Exact copies of all the lines below are required, with the pictures omitted.

======== EXTRACTED ENTRIES ========

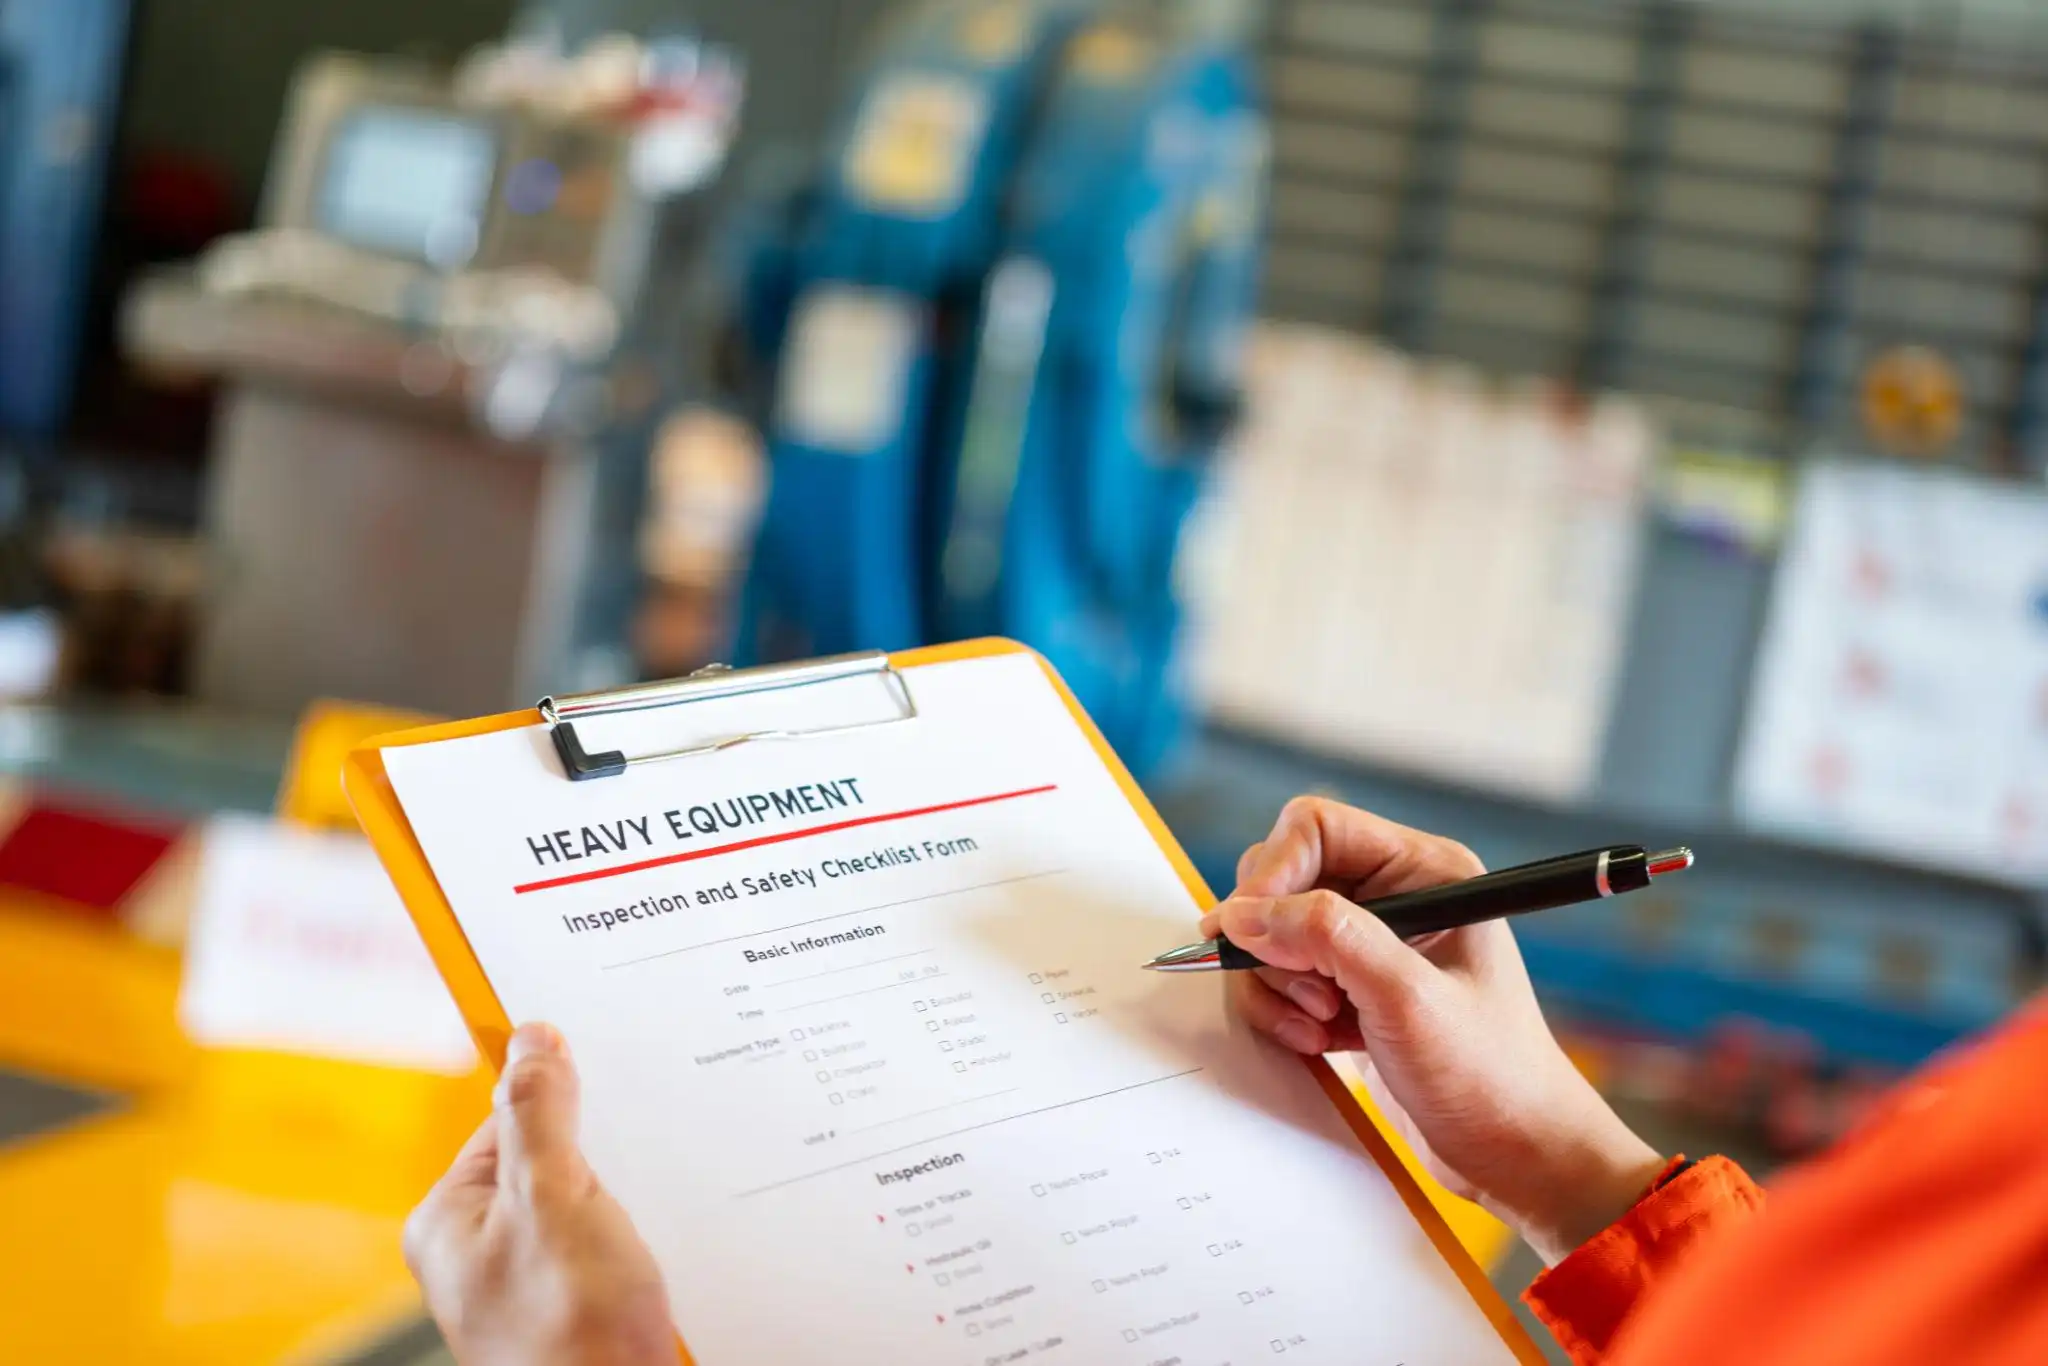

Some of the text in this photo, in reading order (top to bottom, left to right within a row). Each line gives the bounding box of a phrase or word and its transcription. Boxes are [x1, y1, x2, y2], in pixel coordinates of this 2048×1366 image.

[526, 777, 865, 866] HEAVY EQUIPMENT
[562, 834, 979, 935] Inspection and Safety Checklist Form
[743, 922, 885, 964] Basic Information
[723, 984, 750, 996] Date
[737, 1009, 764, 1020] Time
[694, 1044, 752, 1065] Equipment
[755, 1037, 780, 1051] Type
[876, 1151, 965, 1186] Inspection

========

RESPONSE TO THE EXERCISE:
Some of the text in this photo, in reading order (top to bottom, left to right within a row). Each line gives the bounding box of a phrase or word and its transcription. Boxes are [x1, y1, x2, y2], in pixel coordinates of this 2048×1366 image.

[526, 777, 865, 866] HEAVY EQUIPMENT
[562, 834, 979, 935] Inspection and Safety Checklist Form
[743, 922, 885, 964] Basic Information
[723, 984, 750, 996] Date
[737, 1009, 764, 1020] Time
[694, 1044, 752, 1065] Equipment
[755, 1037, 780, 1051] Type
[876, 1151, 965, 1186] Inspection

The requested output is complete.